Today, candidates have as many ways of contacting you as your customers do. The use of IVR (interactive voice response), kiosks, PDAs and of course the Internet have changed the ways customers communicate and provide feedback to you, why not provide the same opportunities to applicants and candidates? By moving selection online, companies can streamline the entire process, from job application to pre-employment testing to behavioral interviews to making the formal job offer.

Picture this: a candidate visits your Web site and notices there are current job openings. After reading about the qualifications, she completes an online job application. Because the application contains "vetting questions", an immediate decision is made to pass her to the next step, an assessment battery that combines a personality test from one supplier and skills-based test from another. As scoring on these assessments is done immediately, predetermined selection decision rules dictate that the applicant can now schedule an appointment with the hiring manager.

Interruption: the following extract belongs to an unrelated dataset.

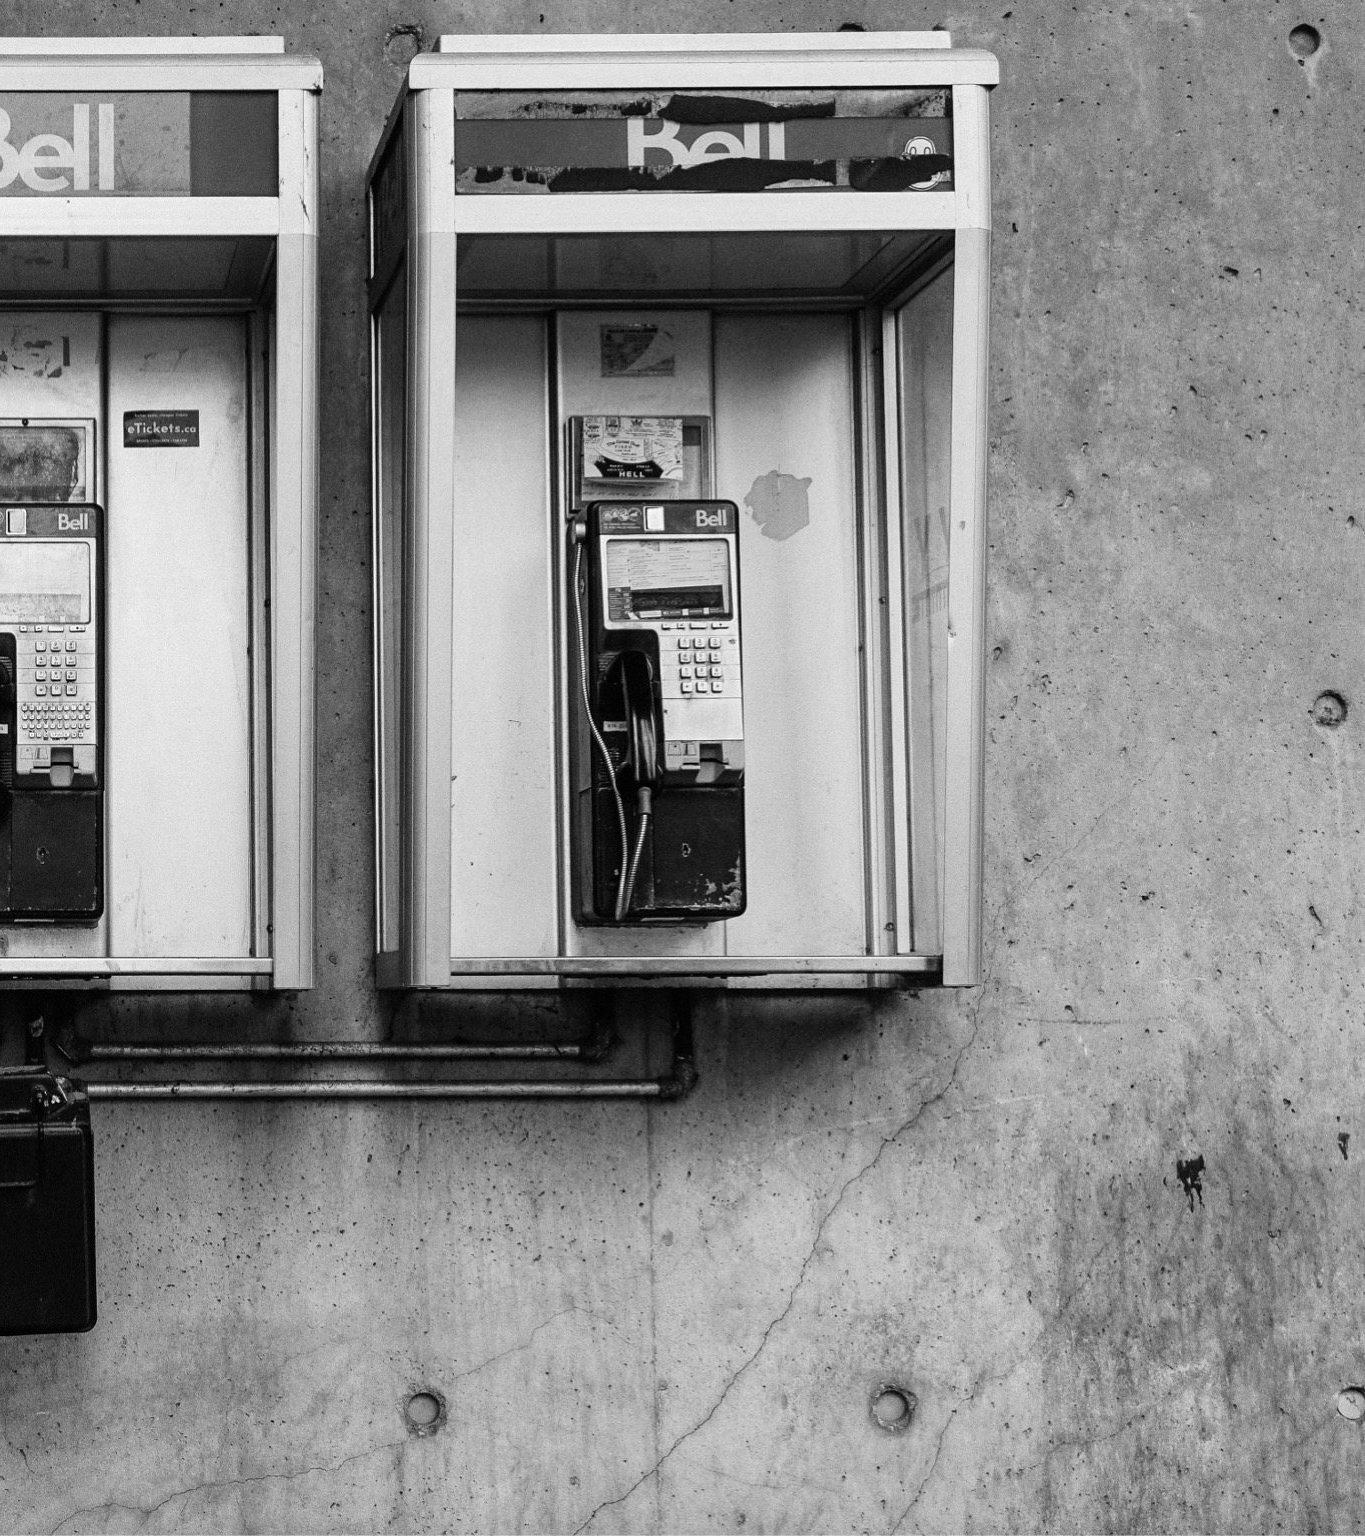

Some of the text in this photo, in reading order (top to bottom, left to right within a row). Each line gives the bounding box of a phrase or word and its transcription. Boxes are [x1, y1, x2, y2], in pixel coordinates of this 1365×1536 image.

[127, 421, 197, 434] eTickets.ca
[58, 513, 89, 531] Bell
[695, 508, 727, 527] Bell
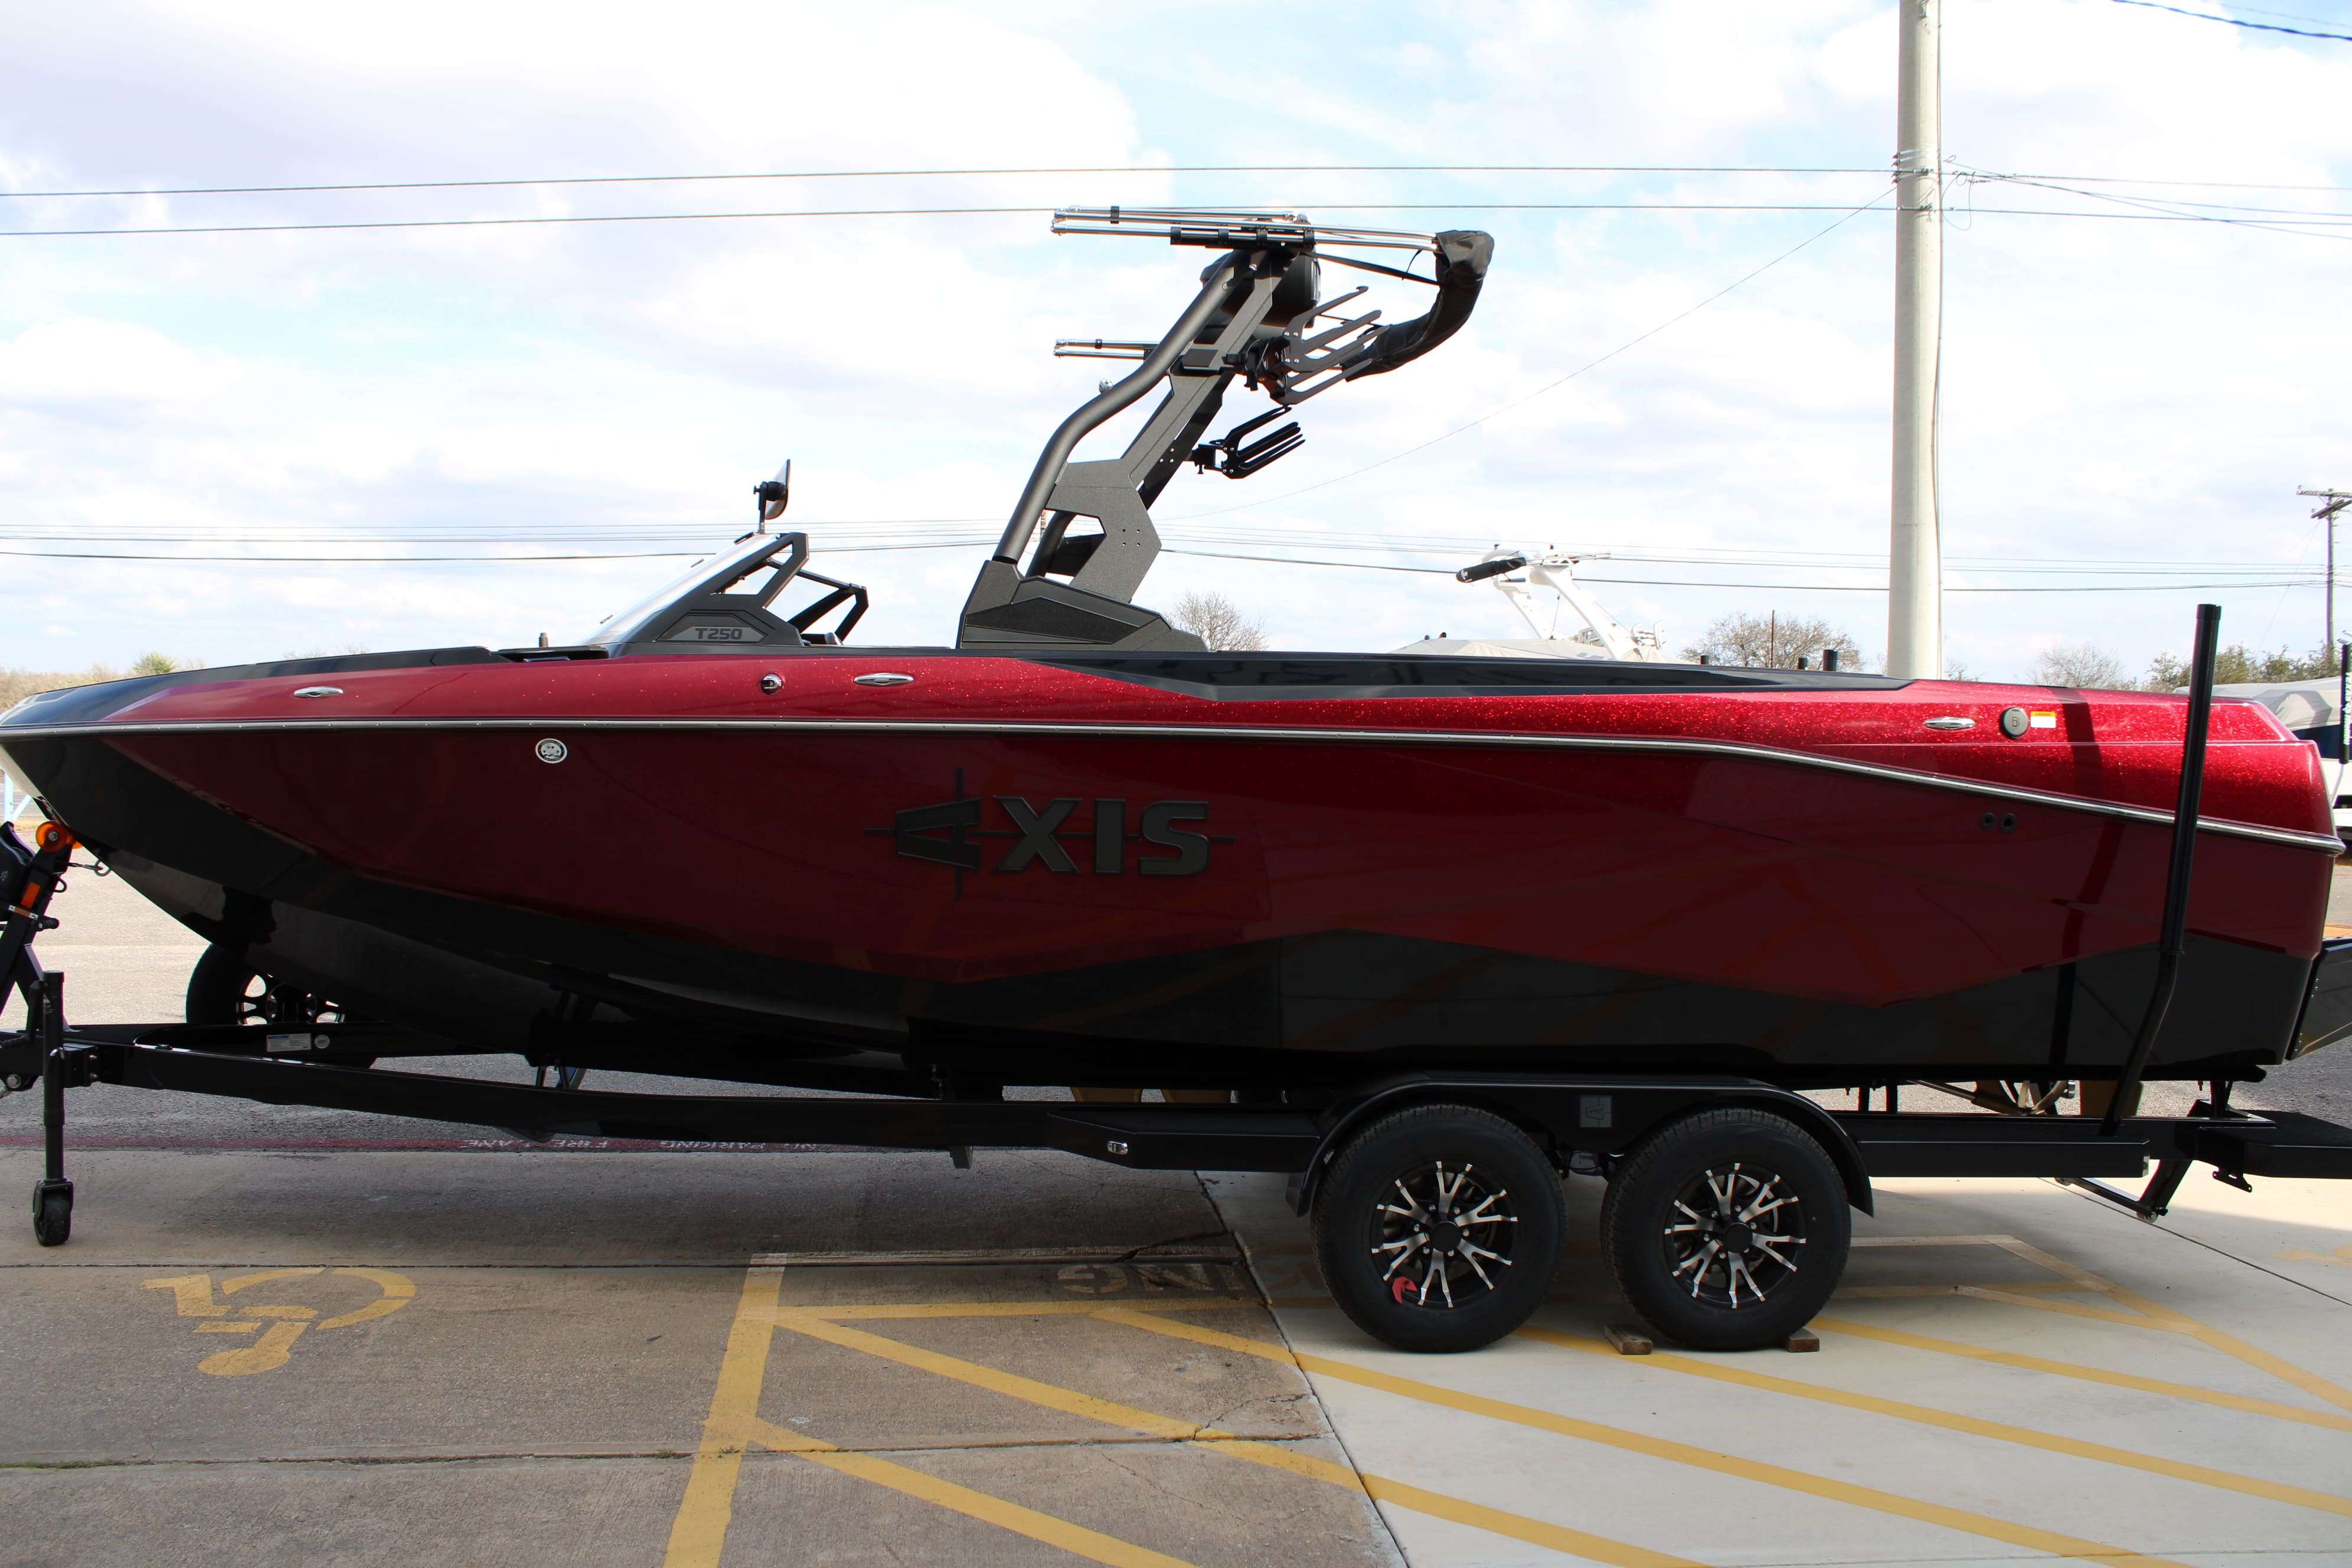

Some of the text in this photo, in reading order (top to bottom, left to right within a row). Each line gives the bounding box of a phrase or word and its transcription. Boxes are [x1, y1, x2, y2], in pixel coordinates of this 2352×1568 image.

A screen displays the locations and times available for an in-person interview, the applicant schedules their time and an e-mail notification is sent to the appropriate hiring staff. The applicant comes in for their in-person behavioral interview, with all their responses entered into the talent management system. Once the personal interview(s) have been conducted, all the applicants’ information is displayed together, making the selection decision a simpler one. Not a decision made on gut feel, but a decision based on facts and data. Not only does technology provide substantial savings in dollars, people and time, candidates prefer an online process

Employees believe that companies that test or assess their job candidates care more about a quality work environment than companies that don’t (nearly 6 in 10 employees agree). Since these applicants are in most cases current or future customers, the recruiting process can have an impact on their future buying decisions as well.

Perhaps more than other industries, hospitality counts on the connections that are made between employees and the customers they serve. Owners and managers would be well served to ensure this connection through the increased use of valid prehire online tests and assessments. Why would you ever want to hire a sure fire?